Each entry must be written out again exactly as it stands.

Extracted records:
*** Block opens ***
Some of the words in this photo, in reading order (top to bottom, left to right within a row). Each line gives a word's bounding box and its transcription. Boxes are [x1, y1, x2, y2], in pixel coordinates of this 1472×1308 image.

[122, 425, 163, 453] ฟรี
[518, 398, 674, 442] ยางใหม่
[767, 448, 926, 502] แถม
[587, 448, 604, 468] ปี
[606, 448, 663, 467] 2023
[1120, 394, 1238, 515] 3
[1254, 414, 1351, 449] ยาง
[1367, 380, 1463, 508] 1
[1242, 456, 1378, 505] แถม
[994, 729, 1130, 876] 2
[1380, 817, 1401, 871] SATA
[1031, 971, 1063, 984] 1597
*** Block closes ***
Solution to the exercise:
Some of the words in this photo, in reading order (top to bottom, left to right within a row). Each line gives a word's bounding box and its transcription. Boxes are [x1, y1, x2, y2], in pixel coordinates of this 1472×1308 image.

[122, 425, 163, 453] ฟรี
[518, 398, 674, 442] ยางใหม่
[767, 448, 926, 502] แถม
[587, 448, 604, 468] ปี
[606, 448, 663, 467] 2023
[1120, 394, 1238, 515] 3
[1254, 414, 1351, 449] ยาง
[1367, 380, 1463, 508] 1
[1242, 456, 1378, 505] แถม
[994, 729, 1130, 876] 2
[1380, 817, 1401, 871] SATA
[1031, 971, 1063, 984] 1597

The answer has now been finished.